Entries supplied below:

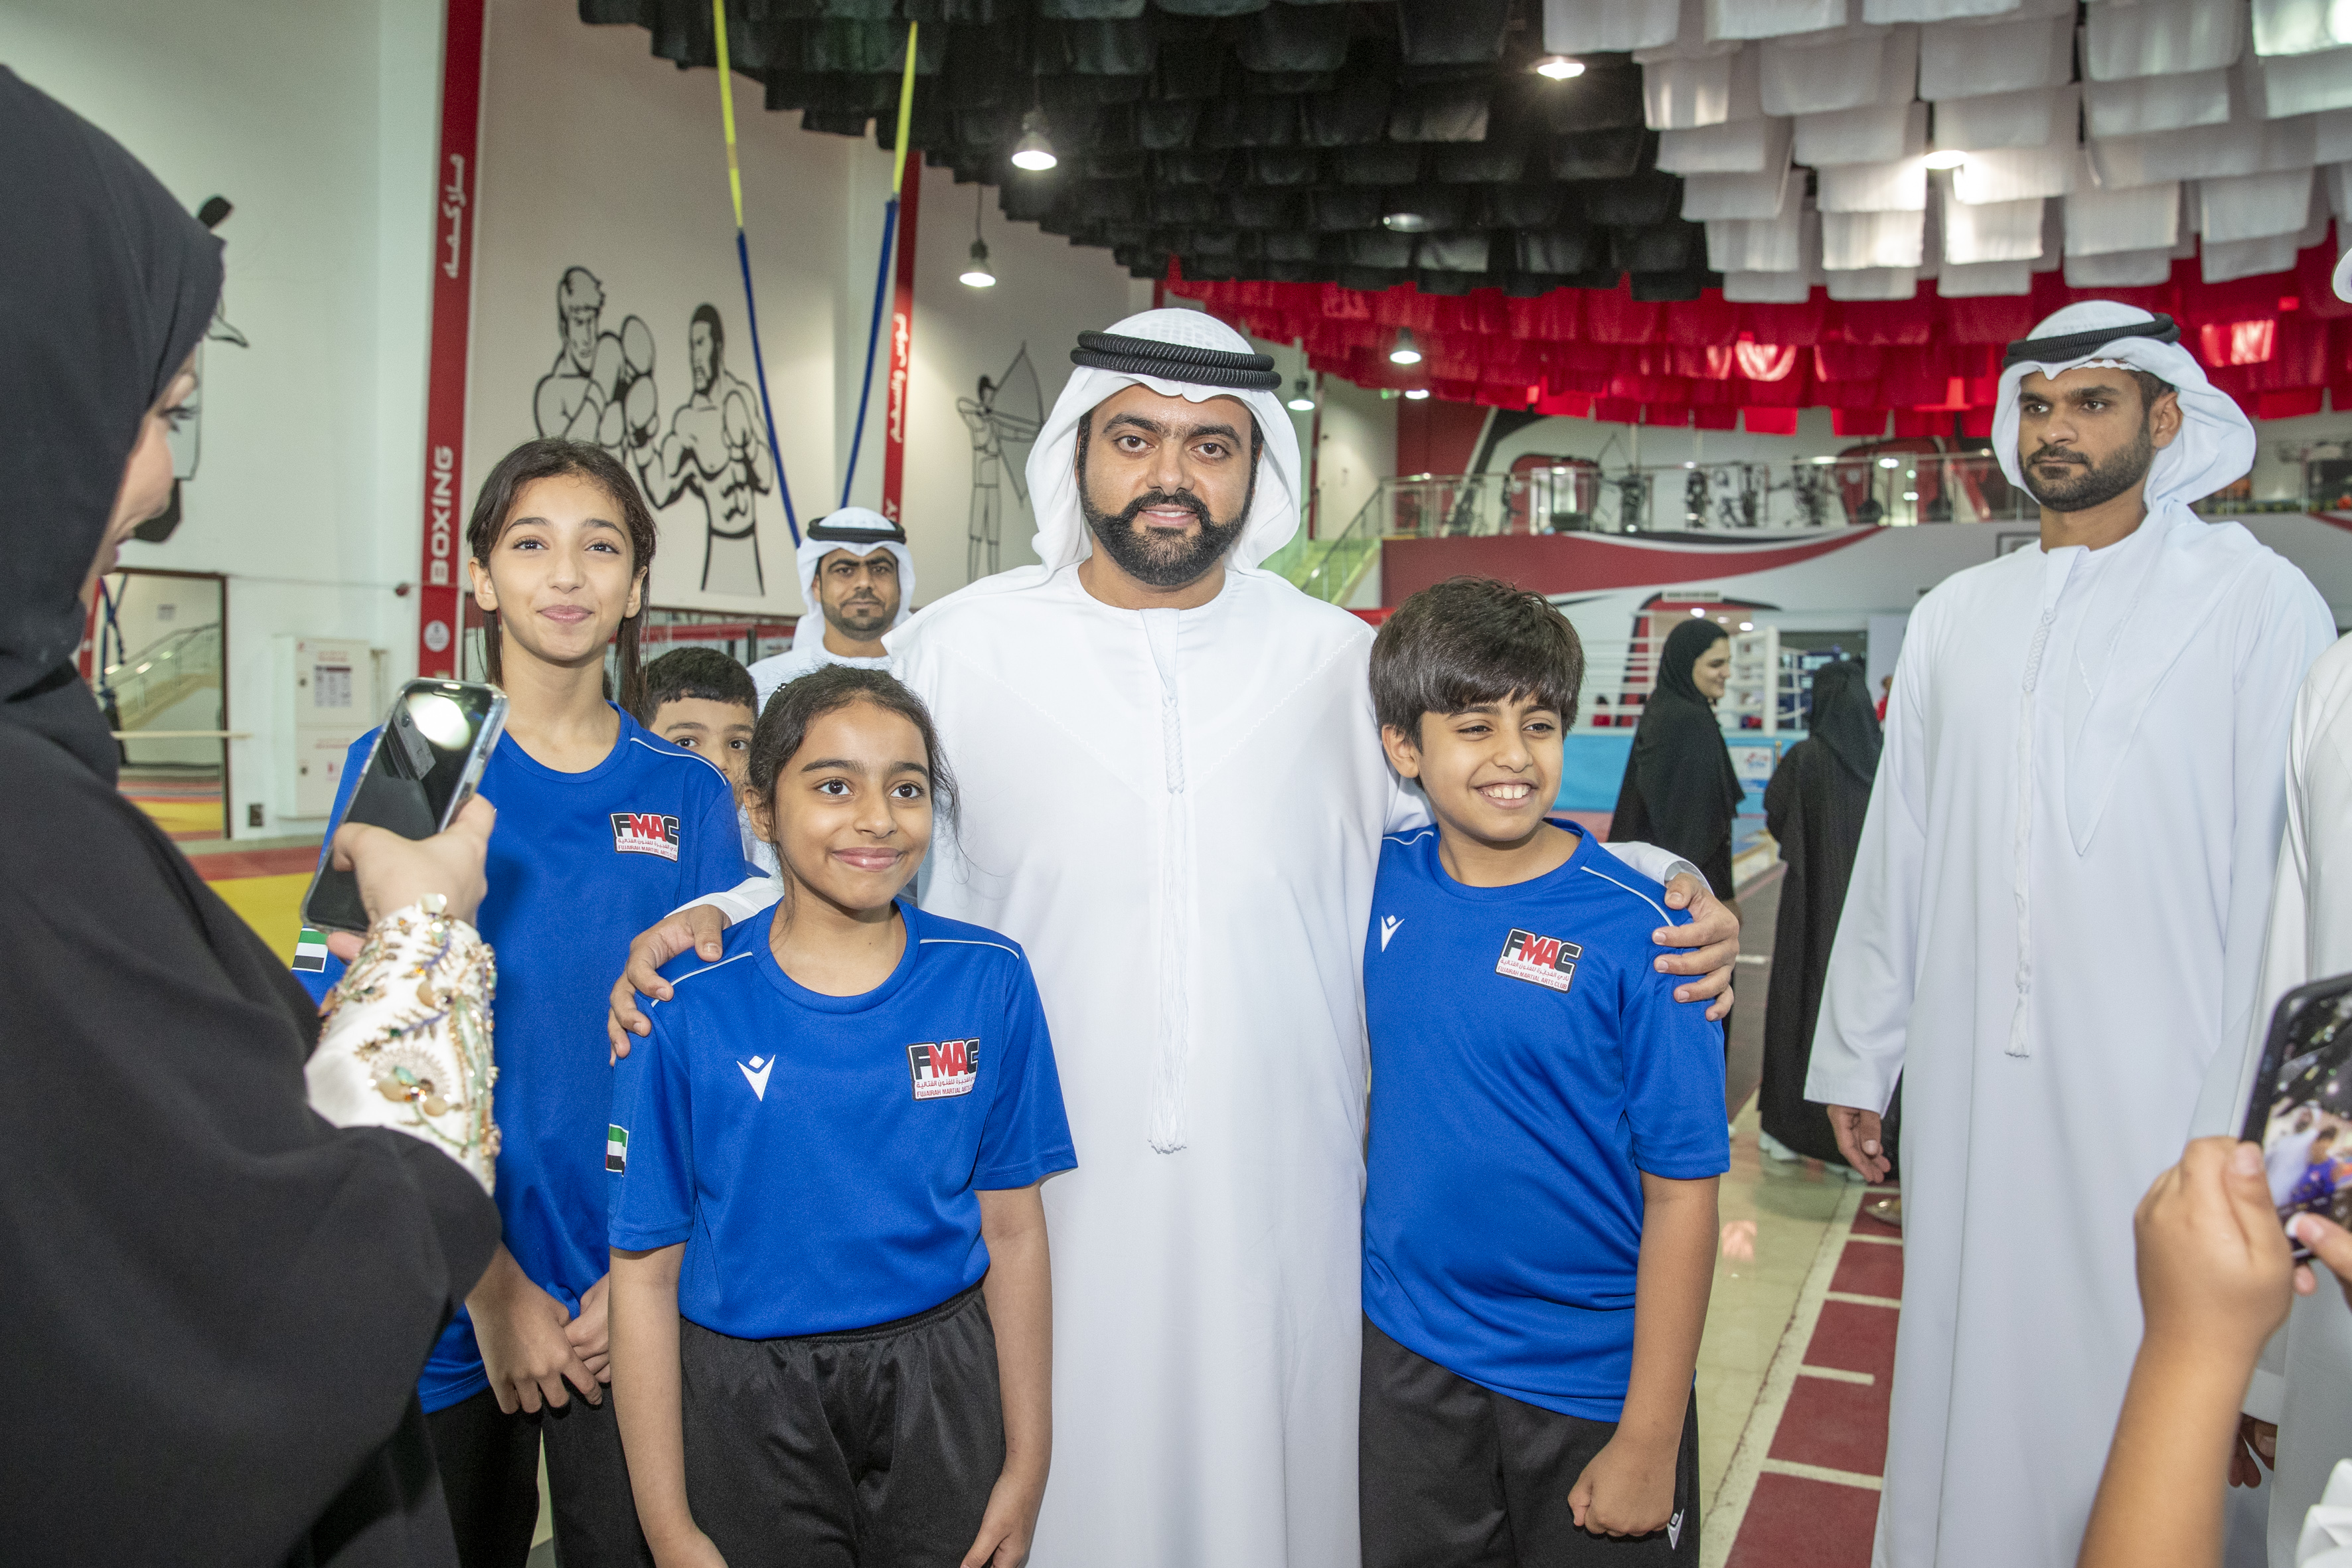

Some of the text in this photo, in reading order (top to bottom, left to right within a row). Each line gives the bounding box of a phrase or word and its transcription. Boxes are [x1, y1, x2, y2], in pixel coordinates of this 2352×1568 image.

[430, 445, 453, 586] BOXING
[613, 815, 678, 845] FMAC
[1500, 958, 1519, 967] القتالية
[1502, 930, 1580, 975] FMAC
[1498, 966, 1567, 990] FUJAIRAH MARTIAL ARTS CLUB
[1519, 963, 1536, 972] للفنون
[1537, 968, 1557, 978] الفجيرة
[910, 1041, 979, 1080] FMAC
[916, 1081, 937, 1089] القتالية
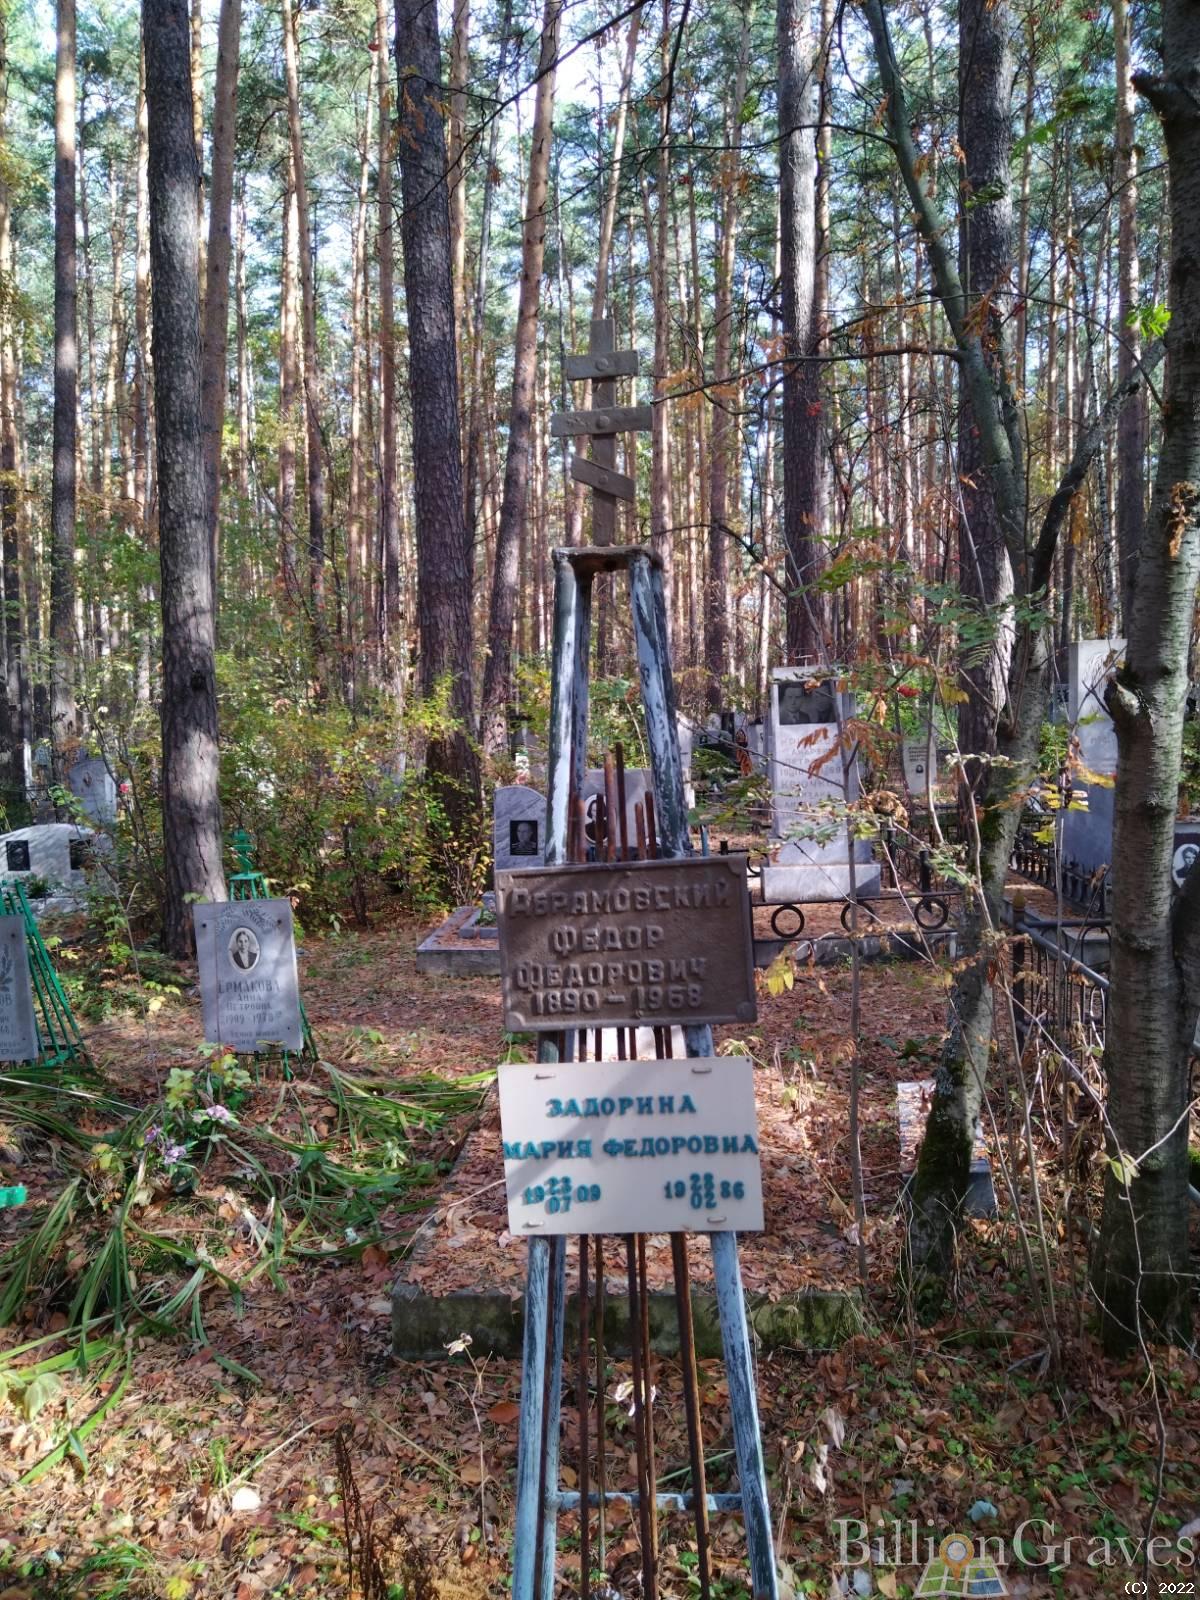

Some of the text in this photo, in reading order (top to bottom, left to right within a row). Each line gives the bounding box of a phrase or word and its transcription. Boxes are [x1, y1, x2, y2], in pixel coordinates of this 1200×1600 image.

End of Entries supplied.

(Brief)
Restate each entry word for word; pictures stay out of the copy.

(Written response)
Some of the text in this photo, in reading order (top to bottom, left to right within a row). Each line gives the bounding box of a phrase or word and its transcription. Boxes are [x1, y1, x2, y2], in pixel coordinates of this 2352×1568 image.

[430, 445, 453, 586] BOXING
[613, 815, 678, 845] FMAC
[1500, 958, 1519, 967] القتالية
[1502, 930, 1580, 975] FMAC
[1498, 966, 1567, 990] FUJAIRAH MARTIAL ARTS CLUB
[1519, 963, 1536, 972] للفنون
[1537, 968, 1557, 978] الفجيرة
[910, 1041, 979, 1080] FMAC
[916, 1081, 937, 1089] القتالية

Some of the text in this photo, in reading order (top to bottom, left to right within a row). Each line gives the bounding box of a phrase or word and its transcription. Boxes are [x1, y1, x2, y2], in pixel coordinates of this 1200×1600 image.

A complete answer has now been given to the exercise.